検事は「金融商品に巨額の含み損が発生している事実を具体的に説明して協力を求めた」という山田氏や森氏らの供述を前提に、中川被告を取り調べた。だがいずれも数年から十数年前のことで、しかもジャイラス社の買収にはほとんど関わっていないため、中川被告は返答に窮した。一審の第12回公判で、中川被告はこう振り返っている。

「記憶が薄かったというか、とにかく覚えていないことが多かった。オフショア(=タックスヘイブン)との取引の資料はすべて佐川氏の手元にあり、私には極めて断片的なものしか残っていないので、記憶の喚起が非常に難しかった。検事の質問を否定していいのか、肯定していいのかさえ分からなかった」

だが検事は、検察側のシナリオを否定する中川被告の供述を全く取り上げようとはしなかった。例えばオリンパスが含み損を抱えた金融商品の飛ばし先に利用したメディア・トラストは、もともと、オリンパスが92年春ごろに米国の投資信託委託販売会社「OCM」から購入した「配当先取り商品」を移管する目的で、中川被告と佐川被告が設立に協力したものだった。

OCMは95年秋、オリンパスが購入した配当先取り商品を組み合わせた簿外ファンド「オーガニゼーション・ストラクチャー」(OS)の運用手数料を二倍にすると通告。山田氏に泣き付かれた中川被告はニューヨークの佐川被告と相談し、ニューヨークの法律事務所などと協議してOSを「メディア・トラスト」に移管、これによってOCMを排除した。

その後、オリンパスがメディア・トラストをどのように使い、会計処理したのか、中川被告は知る由もなかった。

ところが検事は「要するに損隠しだろう。損を出さないような、そういうスキームでしょうが」と全く聞く耳を持とうとしない。挙句の果てには「それ以外ないよ。だから腹を決めなさい。往生際の悪い奴だ」と中川被告を罵倒する始末だったという。
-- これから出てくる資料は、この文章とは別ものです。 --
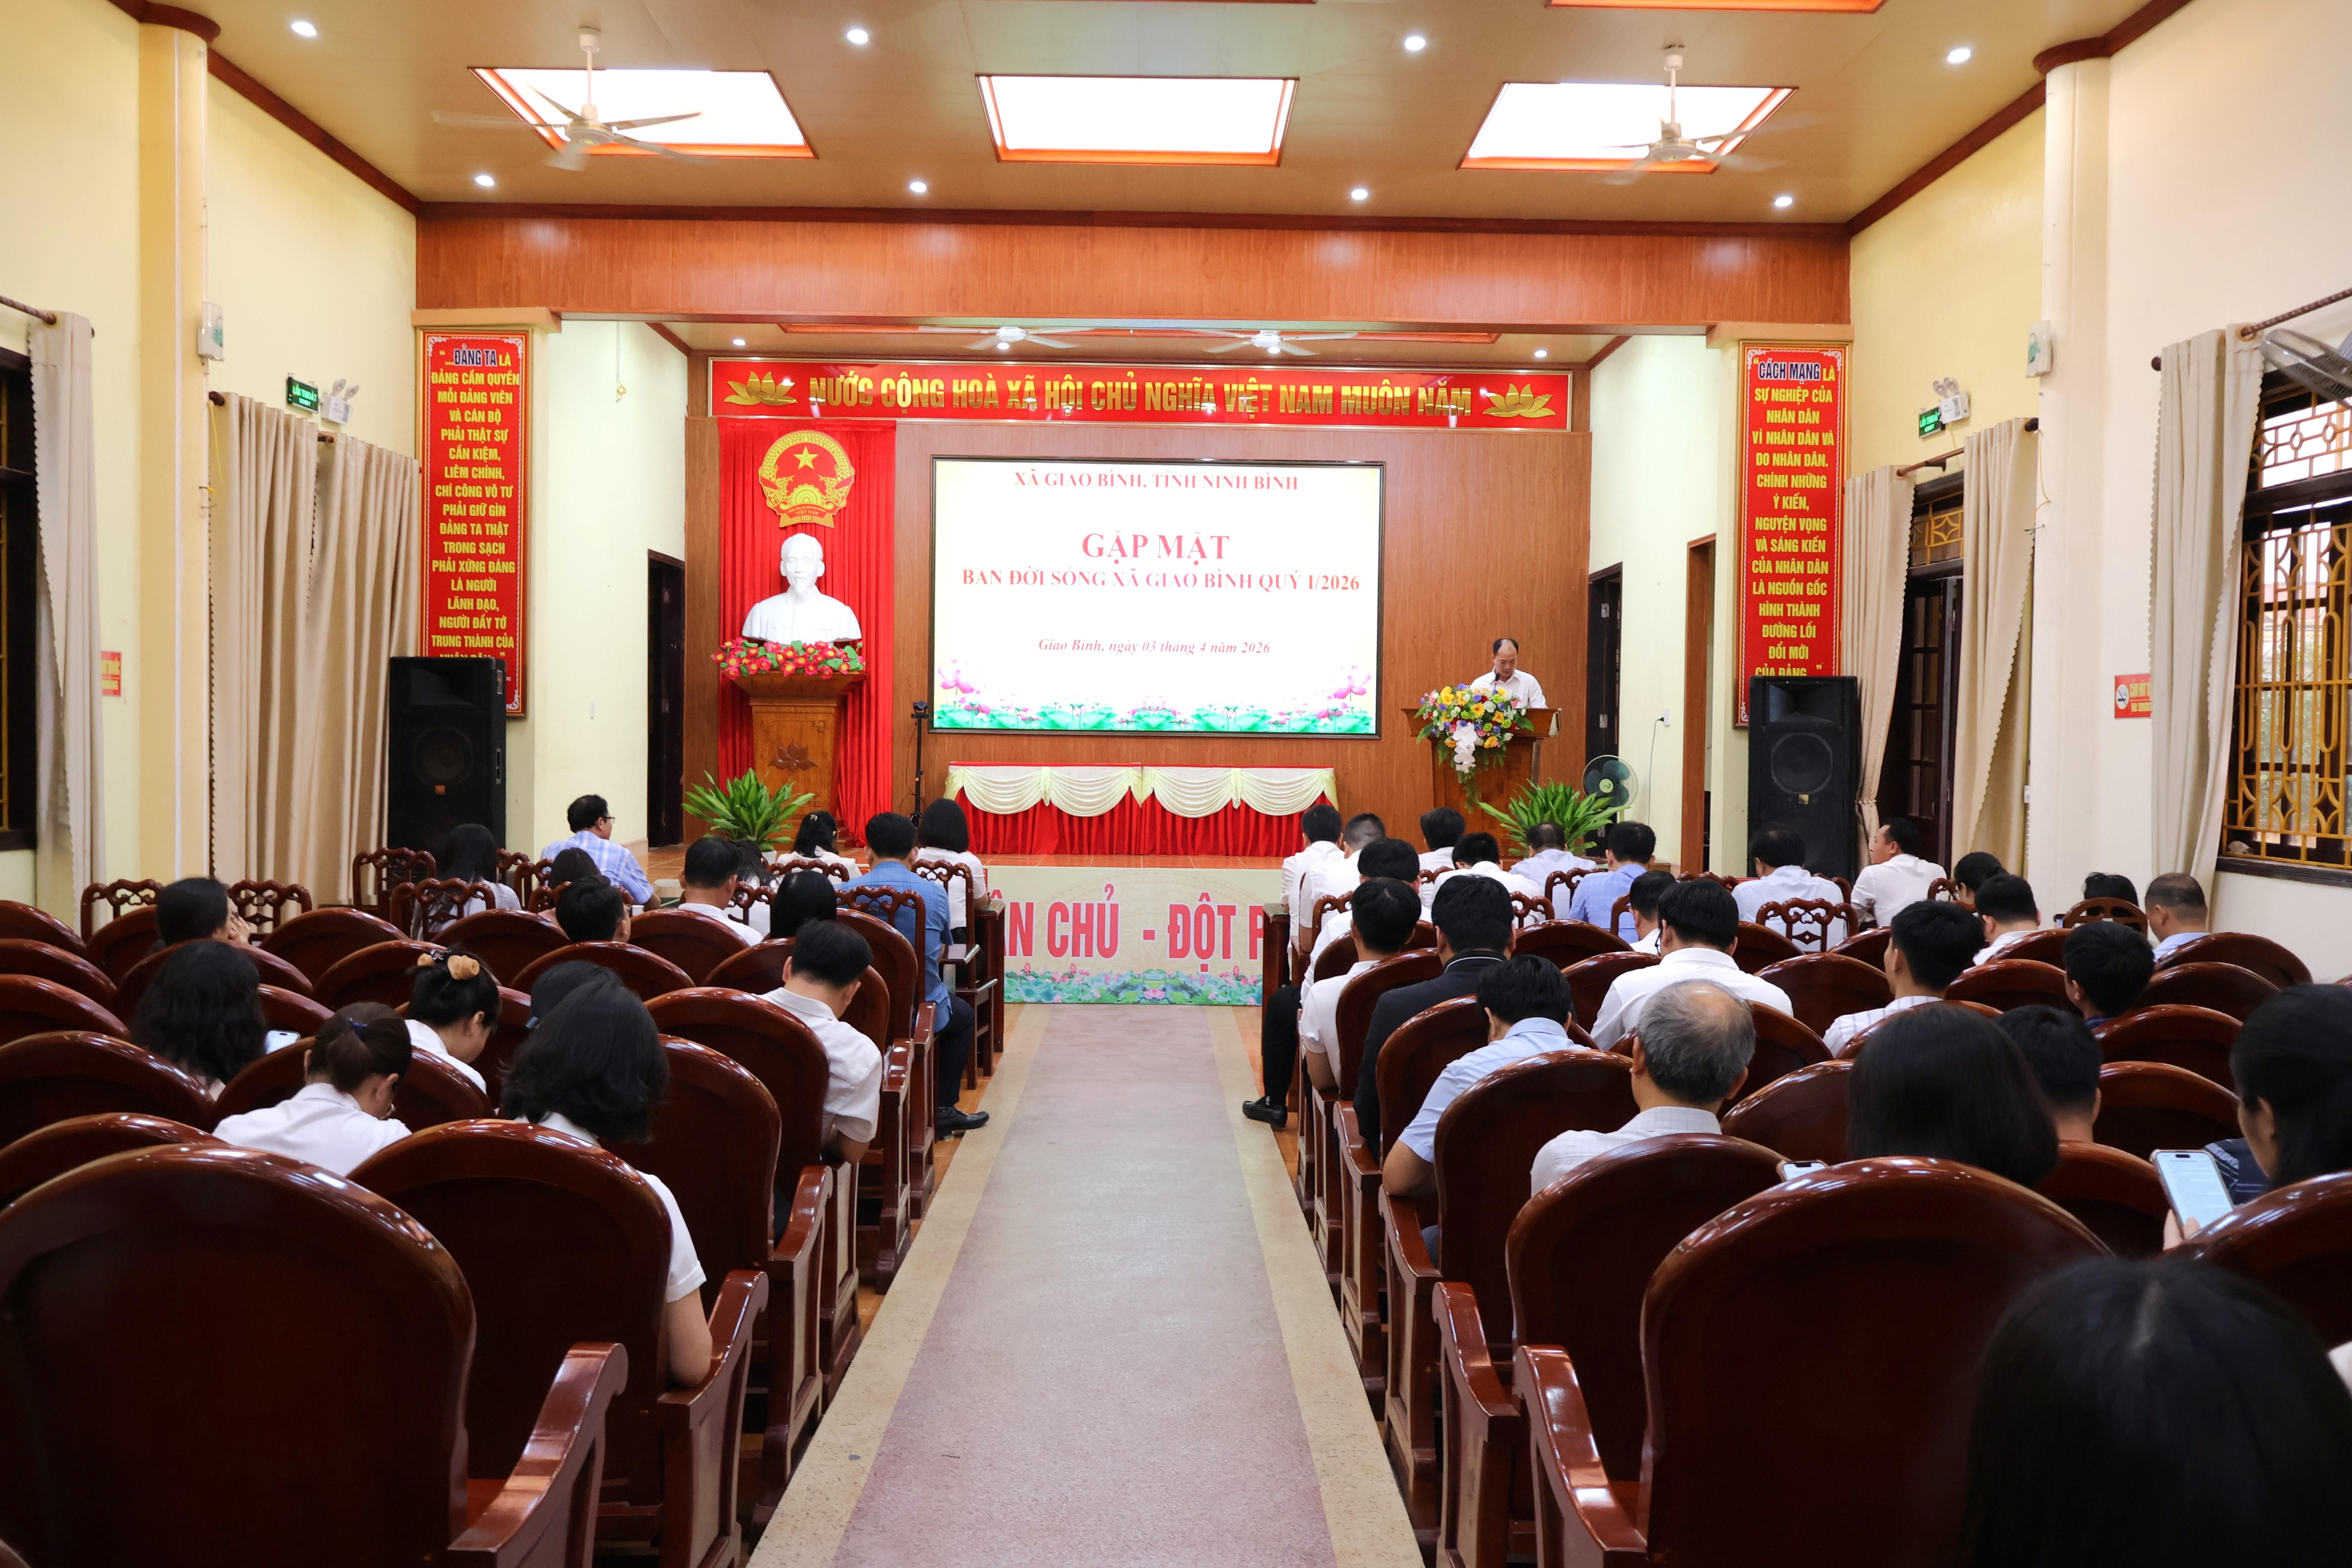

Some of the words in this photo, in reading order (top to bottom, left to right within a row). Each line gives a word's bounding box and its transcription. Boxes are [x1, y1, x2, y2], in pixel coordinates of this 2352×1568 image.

[485, 350, 496, 365] TA
[499, 353, 511, 366] LÀ
[431, 368, 459, 385] ĐẢNG
[462, 369, 485, 385] CẦM
[487, 370, 519, 387] QUYỀN
[1789, 363, 1820, 384] MẠNG
[1823, 365, 1835, 381] LÀ
[460, 388, 487, 403] ĐẢNG
[490, 390, 512, 404] VIÊN
[810, 370, 874, 406] NƯỚC
[880, 371, 945, 412] CỘNG
[952, 373, 998, 408] HOÀ
[1006, 374, 1037, 409] XÃ
[1045, 375, 1083, 415] HỘI
[1091, 371, 1137, 410] CHỦ
[1145, 376, 1216, 411] NGHĨA
[1223, 377, 1273, 419] VIỆT
[1279, 385, 1333, 414] NAM
[1341, 379, 1412, 414] MUÔN
[1418, 382, 1471, 416] NĂM
[1755, 387, 1769, 404] SỰ
[1771, 386, 1809, 405] NGHIỆP
[1812, 385, 1833, 403] CỦA
[450, 409, 461, 422] VÀ
[465, 408, 485, 422] CÁN
[488, 409, 501, 425] BỘ
[1767, 408, 1795, 423] NHÂN
[1798, 408, 1820, 424] DÂN
[441, 425, 465, 441] PHẢI
[467, 427, 492, 443] THẬT
[494, 429, 508, 444] SỰ
[1752, 428, 1762, 444] VÌ
[1766, 429, 1795, 445] NHÂN
[1798, 430, 1819, 445] DÂN
[1822, 430, 1834, 445] VÀ
[449, 444, 470, 459] CẦN
[473, 446, 501, 462] KIỆM,
[1756, 453, 1769, 466] DO
[1773, 451, 1801, 466] NHÂN
[1804, 451, 1828, 467] DÂN.
[445, 464, 468, 478] LIÊM
[472, 465, 505, 480] CHÍNH,
[1015, 469, 1038, 485] XÃ
[1045, 473, 1091, 486] GIAO
[1099, 470, 1146, 487] BÌNH,
[1203, 475, 1247, 489] NINH
[1255, 472, 1297, 490] BÌNH
[1757, 472, 1788, 488] CHÍNH
[1791, 473, 1827, 488] NHỮNG
[436, 483, 452, 497] CHÍ
[455, 483, 482, 497] CÔNG
[485, 484, 497, 498] VÔ
[500, 485, 513, 498] TƯ
[443, 501, 466, 515] PHẢI
[469, 503, 487, 516] GIỮ
[489, 503, 506, 516] GÌN
[1773, 494, 1779, 509] Ý
[1782, 493, 1809, 510] KIẾN,
[440, 519, 467, 535] ĐẢNG
[470, 523, 482, 535] TA
[485, 521, 509, 537] THẬT
[1755, 515, 1796, 533] NGUYỆN
[1799, 518, 1826, 533] VỌNG
[443, 542, 476, 554] TRONG
[479, 542, 505, 556] SẠCH
[1082, 531, 1148, 564] GẶP
[1156, 531, 1229, 566] MẶT
[1755, 536, 1768, 552] VÀ
[1771, 537, 1798, 552] SÁNG
[1802, 536, 1826, 552] KIẾN
[432, 557, 456, 572] PHẢI
[488, 559, 515, 573] ĐÁNG
[1752, 556, 1772, 573] CỦA
[1776, 558, 1804, 573] NHÂN
[1807, 559, 1828, 574] DÂN
[452, 578, 463, 591] LÀ
[466, 577, 496, 592] NGƯỜI
[963, 570, 1001, 584] BAN
[1010, 566, 1044, 585] ĐỜI
[1114, 568, 1138, 586] XÃ
[1146, 573, 1197, 587] GIAO
[1205, 569, 1251, 588] BÌNH
[1259, 570, 1300, 592] QUÝ
[1309, 575, 1359, 590] I/2026
[1753, 579, 1765, 594] LÀ
[1807, 578, 1827, 595] GỐC
[448, 596, 474, 610] LÃNH
[476, 599, 499, 612] ĐẠO,
[1759, 601, 1783, 616] HÌNH
[1786, 602, 1820, 616] THÀNH
[439, 615, 470, 628] NGƯỜI
[473, 614, 492, 628] ĐẦY
[1762, 622, 1797, 637] ĐƯỜNG
[1800, 621, 1816, 638] LỐI
[432, 635, 461, 647] TRUNG
[464, 635, 493, 647] THÀNH
[496, 633, 514, 648] CỦA
[1039, 640, 1067, 650] Giao
[1073, 640, 1103, 651] Bình,
[1109, 640, 1138, 654] ngày
[1143, 641, 1156, 651] 03
[1161, 642, 1194, 655] tháng
[1200, 643, 1205, 652] 4
[1211, 643, 1236, 652] năm
[1242, 642, 1269, 653] 2026
[1769, 641, 1786, 659] ĐỔI
[1789, 644, 1808, 659] MỚI
[1047, 883, 1119, 959] CHỦ
[1167, 892, 1236, 973] ĐỘT
「メディア・トラストの設立は、OCMの法外な要求からオリンパスを守るためだった」というこのストーリーは、オリンパス側の3人や、中川被告の公判での検察側の冒頭陳述には全く出てこない。これを明らかにしてしまうと「メディア・トラストはオリンパスの含み損の受け皿ファンド」という検察側のシナリオが崩壊してしまうからだ。